Zhu and Liu have also empirically analyzed the effects of Amazon’s entry into third-party sellers’ product spaces. They find that ‘Amazon’s entry discourages affected third-party sellers from subsequently pursuing growth on the platform, [but] increases product demand and reduces shipping costs for consumers.’ Other research finds that Amazon’s algorithmic steering practices may lead consumers to pay more, although this is mostly limited to consumers who do not subscribe to Amazon’s Prime service.

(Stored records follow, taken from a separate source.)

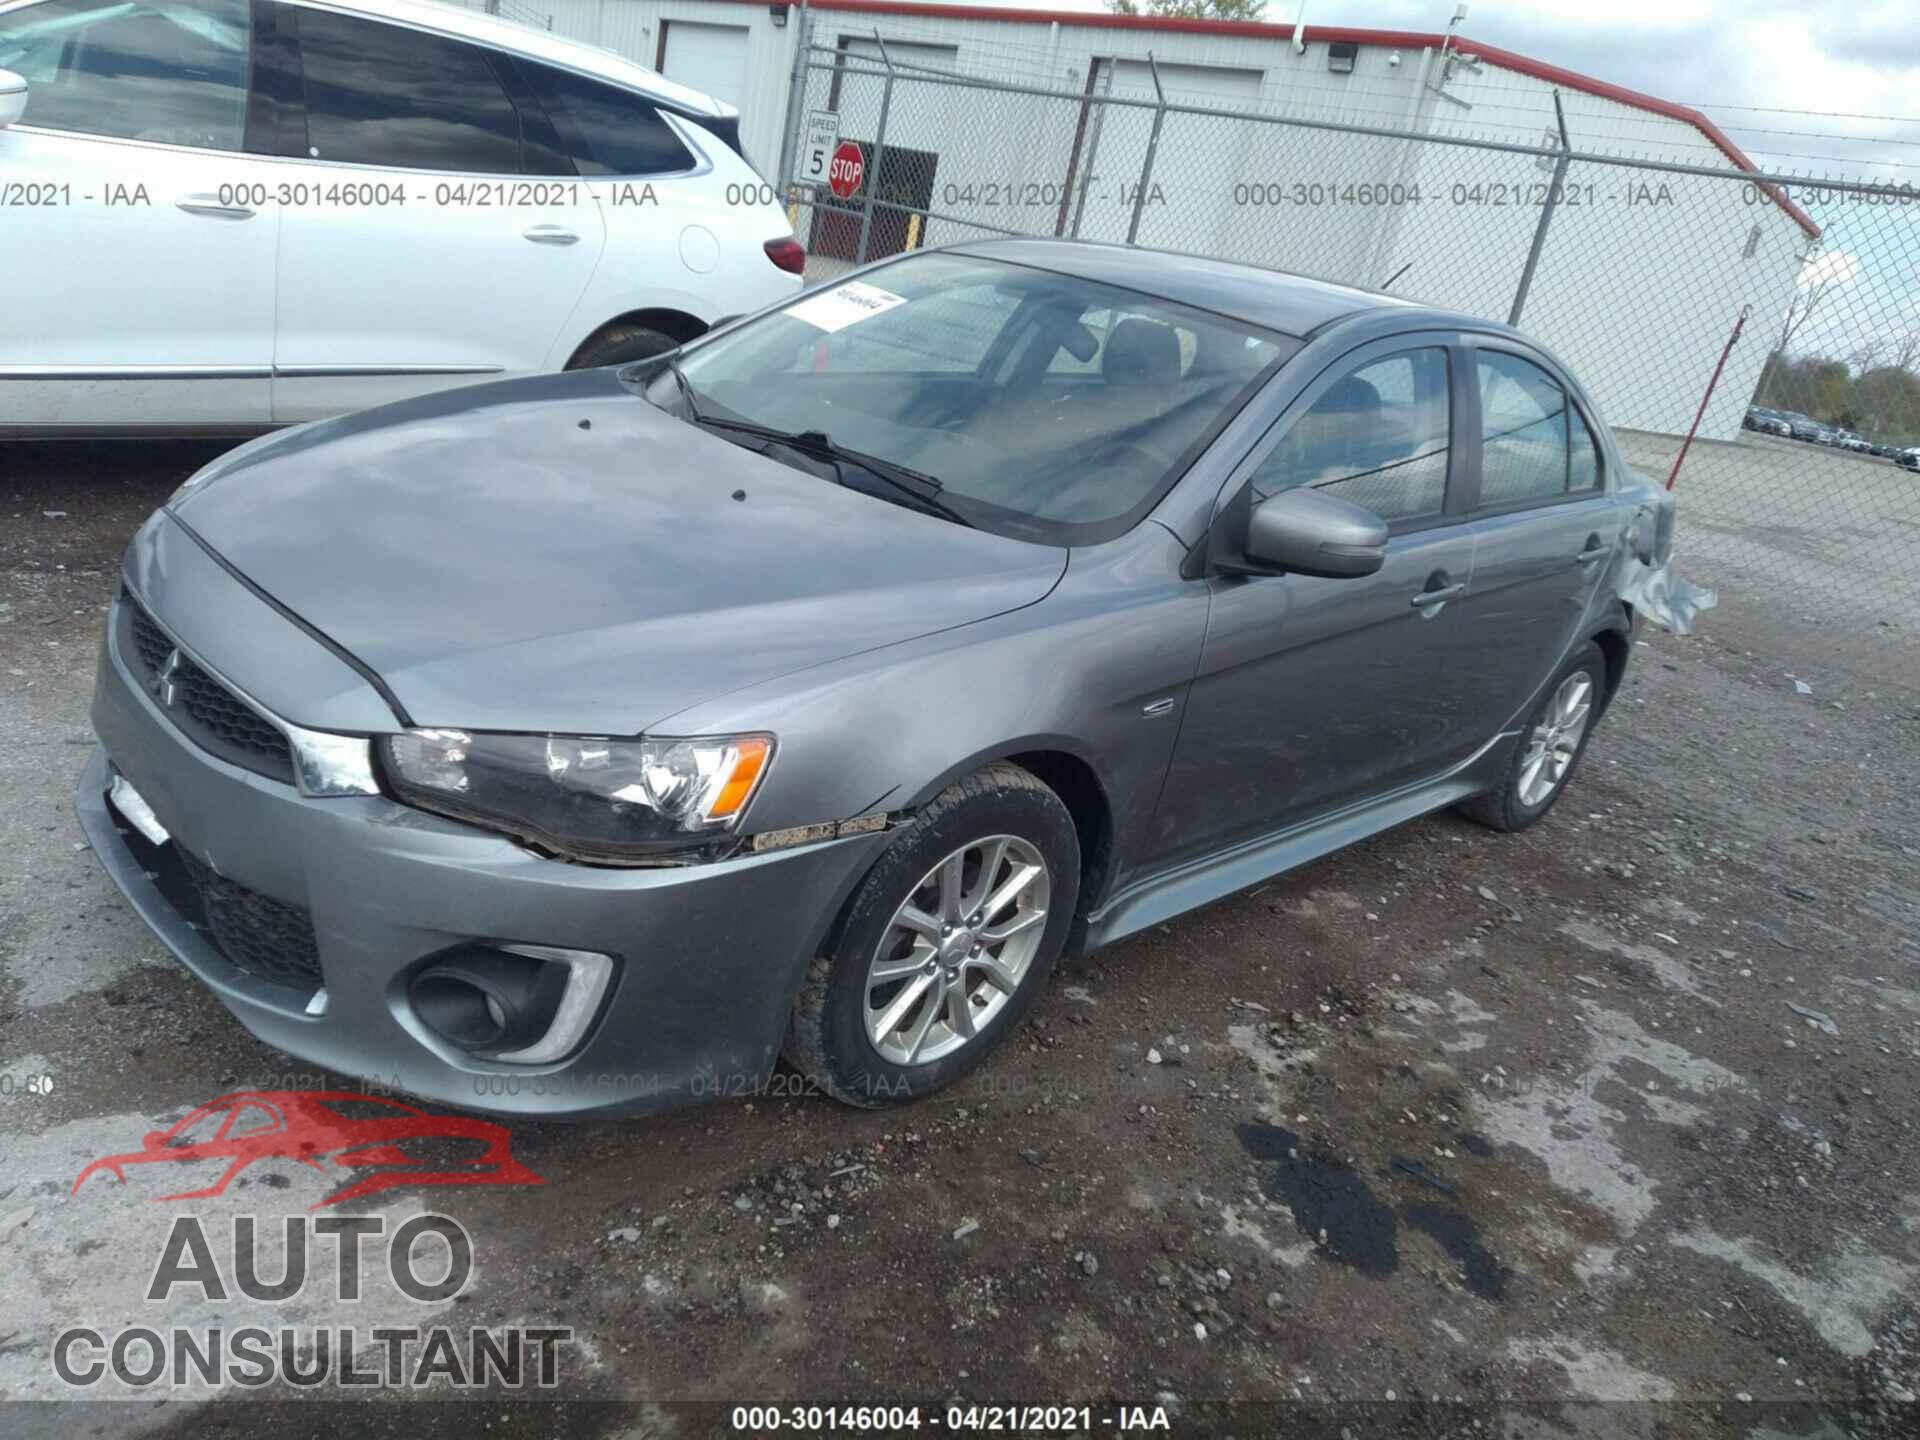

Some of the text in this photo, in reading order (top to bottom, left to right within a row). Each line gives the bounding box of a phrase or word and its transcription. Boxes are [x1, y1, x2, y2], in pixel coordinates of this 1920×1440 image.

[810, 118, 836, 131] SPEED
[810, 134, 832, 145] LIMIT
[810, 149, 824, 174] 5
[831, 157, 860, 182] STOP
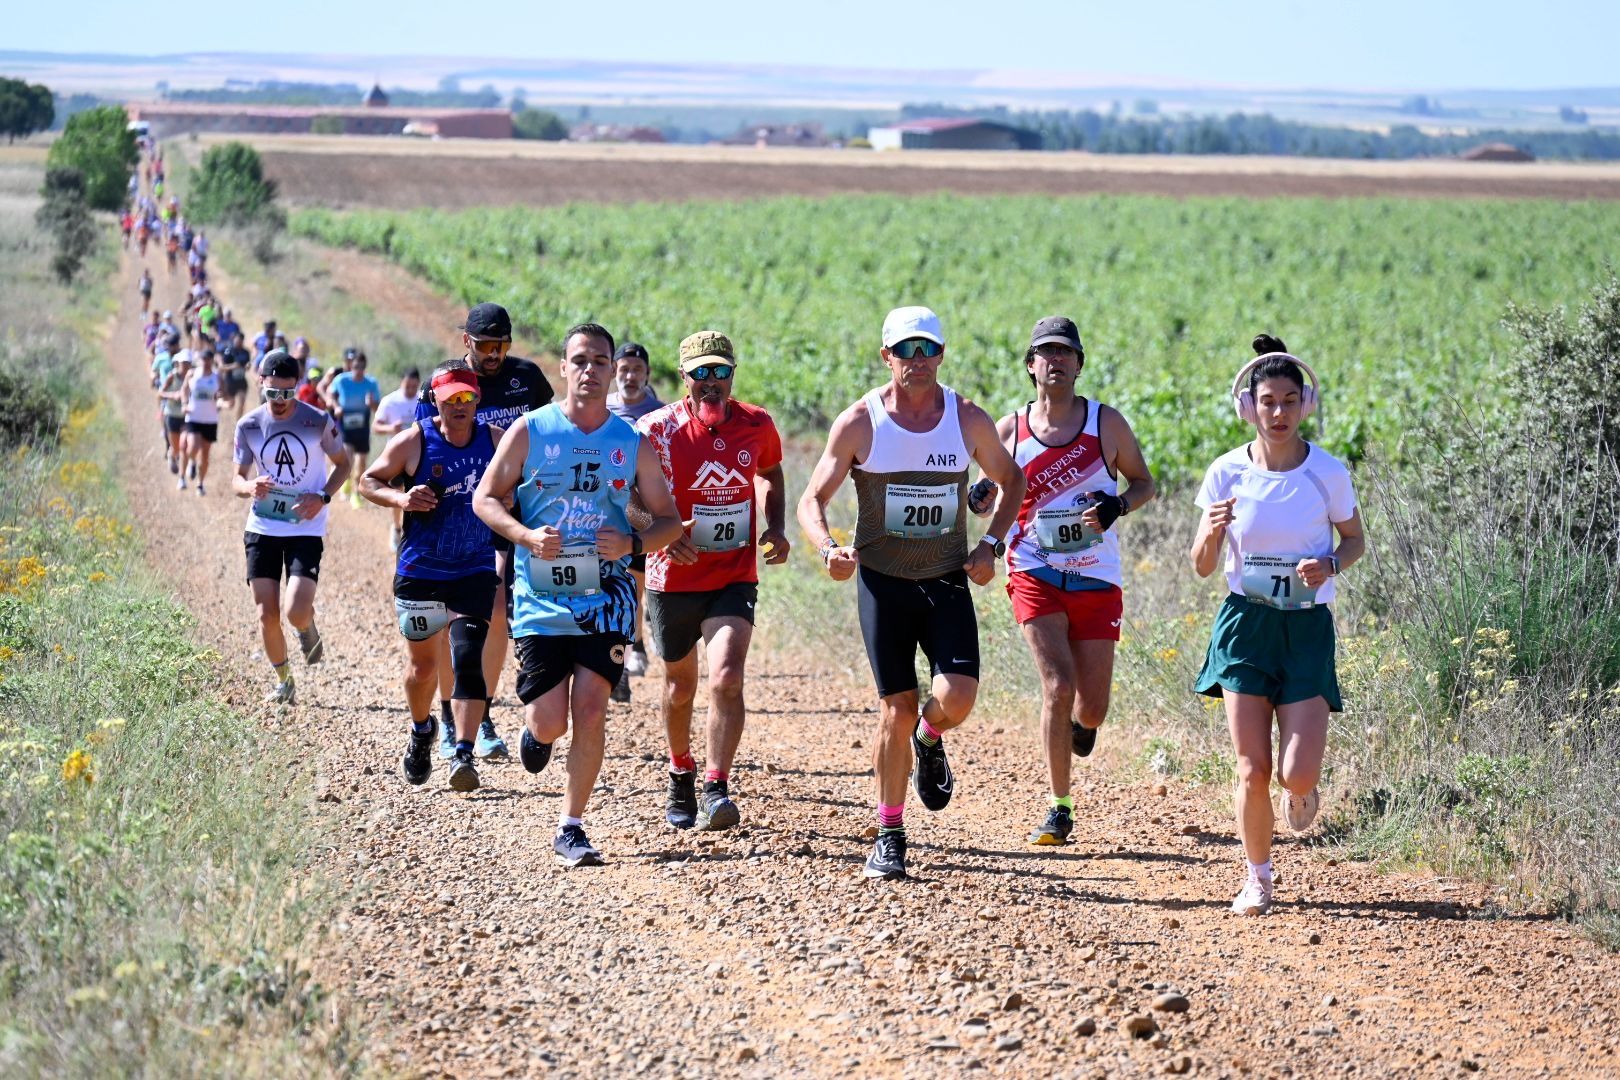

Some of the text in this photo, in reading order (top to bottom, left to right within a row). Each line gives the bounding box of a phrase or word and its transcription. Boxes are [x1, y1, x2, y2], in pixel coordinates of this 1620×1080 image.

[476, 404, 529, 425] RUNNING
[925, 453, 957, 467] ANR
[1026, 444, 1087, 493] LA DESPENSA
[568, 461, 601, 493] 15
[1046, 467, 1087, 494] FER
[272, 500, 287, 514] 74
[903, 505, 943, 527] 200
[713, 522, 736, 542] 26
[1058, 523, 1083, 543] 98
[552, 566, 577, 586] 59
[1271, 575, 1290, 597] 71
[409, 615, 428, 631] 19
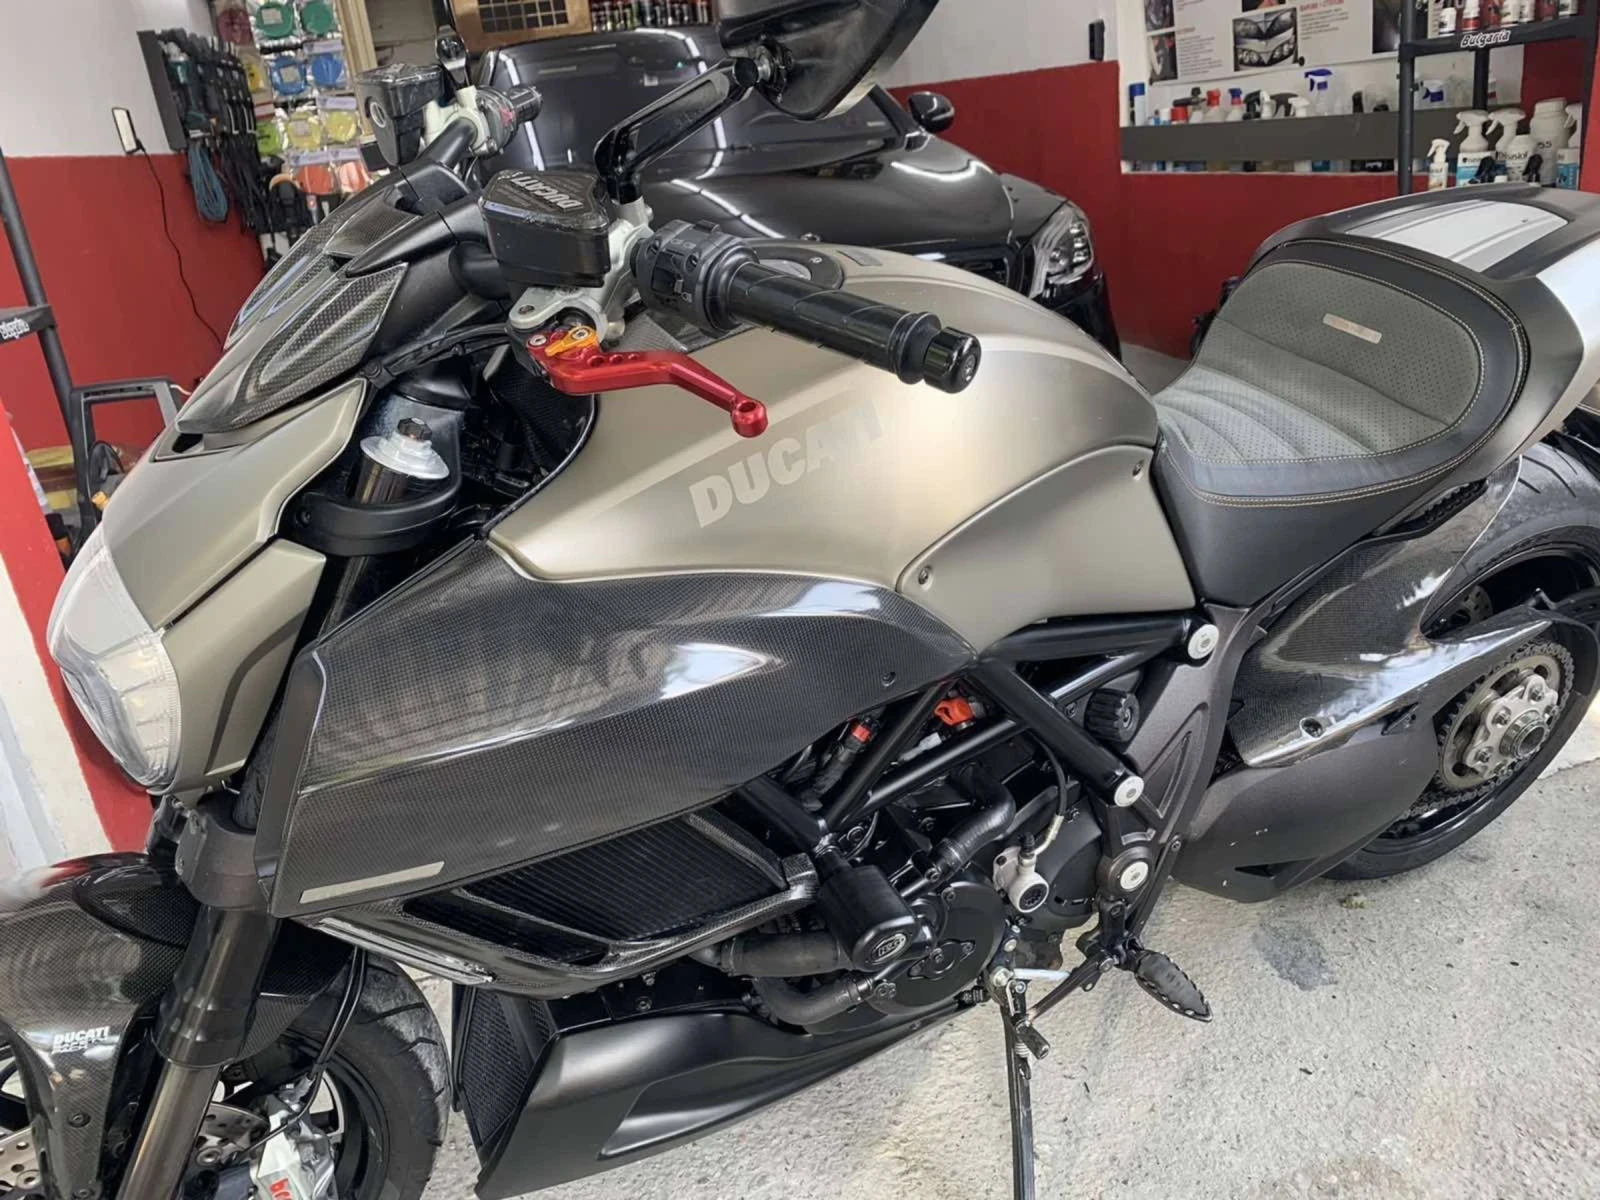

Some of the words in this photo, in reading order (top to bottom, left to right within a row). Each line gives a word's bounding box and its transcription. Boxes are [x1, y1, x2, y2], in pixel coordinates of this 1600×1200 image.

While helpful, these results are far from conclusive. Given that Amazon’s conduct will be assessed as a ‘by effect’ rather than an ‘by object’ abuse, the Commission will have to demonstrate its anti-competitive consequences. Moreover, it will have to come up with an effective remedy. A behavioural separation between Amazon’s marketplace and retail activities is the most obvious solution. However, given the criticism on such remedy in the Google Search case, some might be more drawn to a structural separation.
Related developments
The Commission’s probe targets one platform-to-business relation. However, the Commission has recently also adopted a proposal to regulate such relations generally. As explained in a previous blog post, the regulation would oblige platforms to be transparent regarding any differentiated treatment between the platform and its business users when it comes to access to data and rankings of search results.
Finally, the Commission does not appear to be the only authority concerned about Amazon’s practices. MLex reported that Amazon’s dual role has also caught the eye of German antitrust enforcers. Finally, Capitol Forum—a US news service focused on antitrust—has also investigated how Amazon favours its own products, and concluded that this conduct risks antitrust enforcement by the Trump administration.